On the modeling of integrally actuated helicopter blades

• Published in: International journal of solids and structures Vol. 38; no. 10; pp. 1765 - 1789
• Main Authors: Cesnik, Carlos E.S., Shin, Sangjoon
• Format: Journal Article Conference Proceeding
• Language: English
• Published: Oxford Elsevier Ltd 01.03.2001; Elsevier Science
• Subjects: Active cross-section modeling; Embedded anisotropic actuation; Exact sciences and technology; Fundamental areas of phenomenology (including applications); Integrally twirled helicopter blades; Physics; Solid mechanics; Structural and continuum mechanics; Vibration, mechanical wave, dynamic stability (aeroelasticity, vibration control...); Vibrations and mechanical waves; Integrally twirled helicopter blades; Active cross-section modeling; Embedded anisotropic actuation; Fiber reinforced material; Anisotropic material; Helicopter rotor; Two dimensional model; Numerical method; Composite material; Finite element method; Box beam; Variational calculus; Embedded transducer; Asymptotic approximation; Thin walled beam; Non linear effect; Structural analysis
• ISSN: 0020-7683; 1879-2146
• DOI: 10.1016/S0020-7683(00)00135-9

This paper presents an asymptotical formulation for preliminary design of multi-cell composite helicopter rotor blades with integral anisotropic active plies. It represents the first attempt in the literature to asymptotically analyze such active structure. The analysis is broken down in two parts: a linear two-dimensional analysis over the cross-section, and a geometrically non-linear (beam) analysis along the blade span. The cross-sectional analysis revises and extends a closed form solution for thin-walled, multi-cell beams based on the variational-asymptotical method, accounting for the presence of active fiber composites distributed along the cross-section of the blade.

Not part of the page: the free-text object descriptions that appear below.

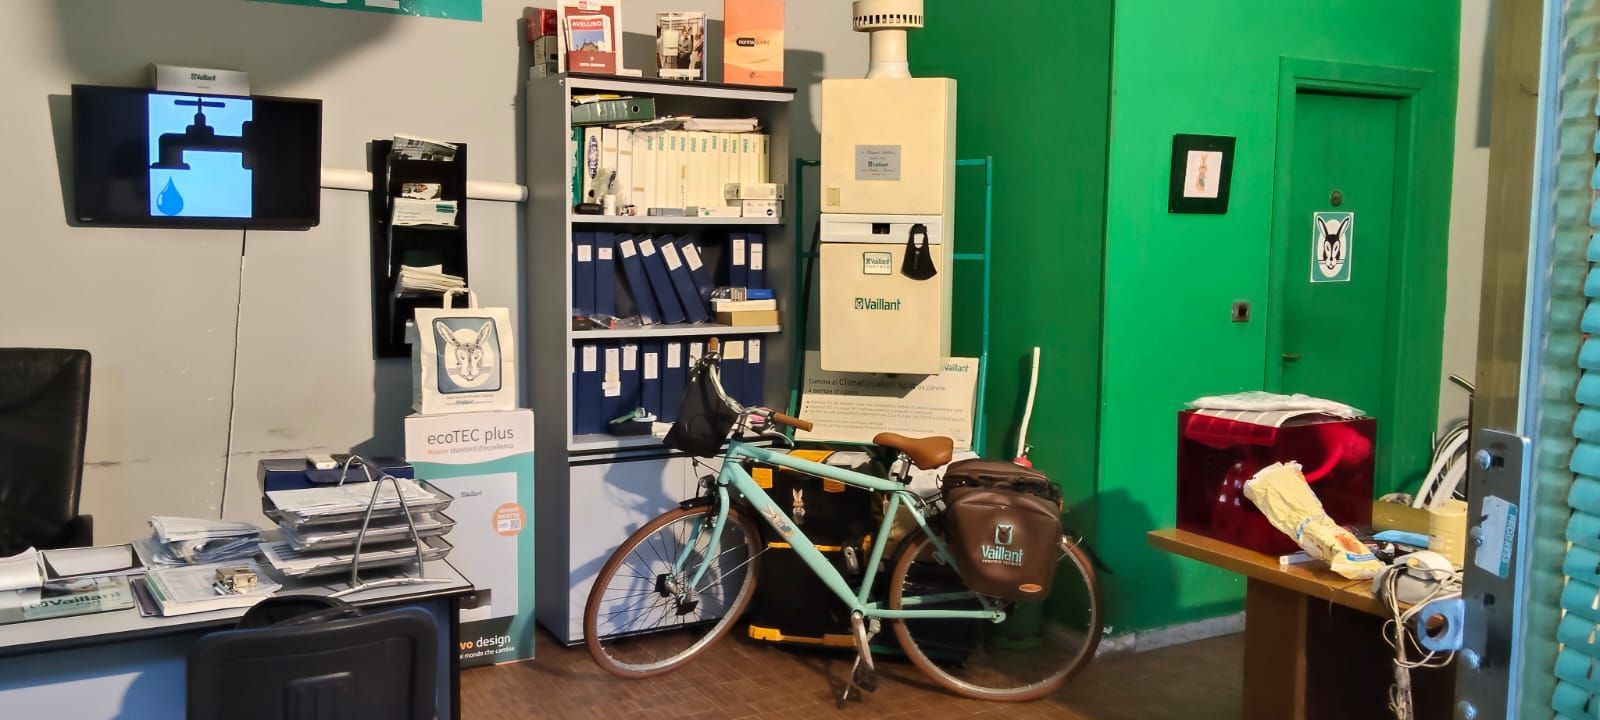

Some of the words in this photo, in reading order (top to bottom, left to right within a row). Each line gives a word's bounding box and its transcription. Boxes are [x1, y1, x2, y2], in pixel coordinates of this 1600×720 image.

[864, 298, 901, 311] Vaillant
[944, 364, 969, 373] Vaillant
[427, 428, 480, 445] ecoTEC
[484, 426, 514, 444] plus
[450, 445, 478, 454] standard
[982, 545, 1023, 562] Vaillant
[47, 592, 121, 606] Vaillant
[460, 641, 474, 650] vo
[476, 634, 511, 647] design
[464, 650, 483, 659] mondo

The formulation provides expressions for the asymptotically correct cross-sectional stiffness constants in closed form, facilitating design-trend studies. These stiffness constants are then used in a beam finite element discretization of the blade reference line. This is an extension of the exact intrinsic equations for the one-dimensional analysis of rotating beams considering small strains and finite rotations, and now taking account of the presence of distributed actuators. Subject to external loads, active ply induced strains, and specific boundary conditions, the one-dimensional (beam) problem can be solved for displacements, rotations, and strains of the reference line. Analytical and numerical studies are presented to compare the proposed theory against the previously established analytical models. Discrepancies are found for general blade cross-section and discussed herein in details, especially for the piezoelectric actuation components. Direct results of the present formulation are also compared with experimental data.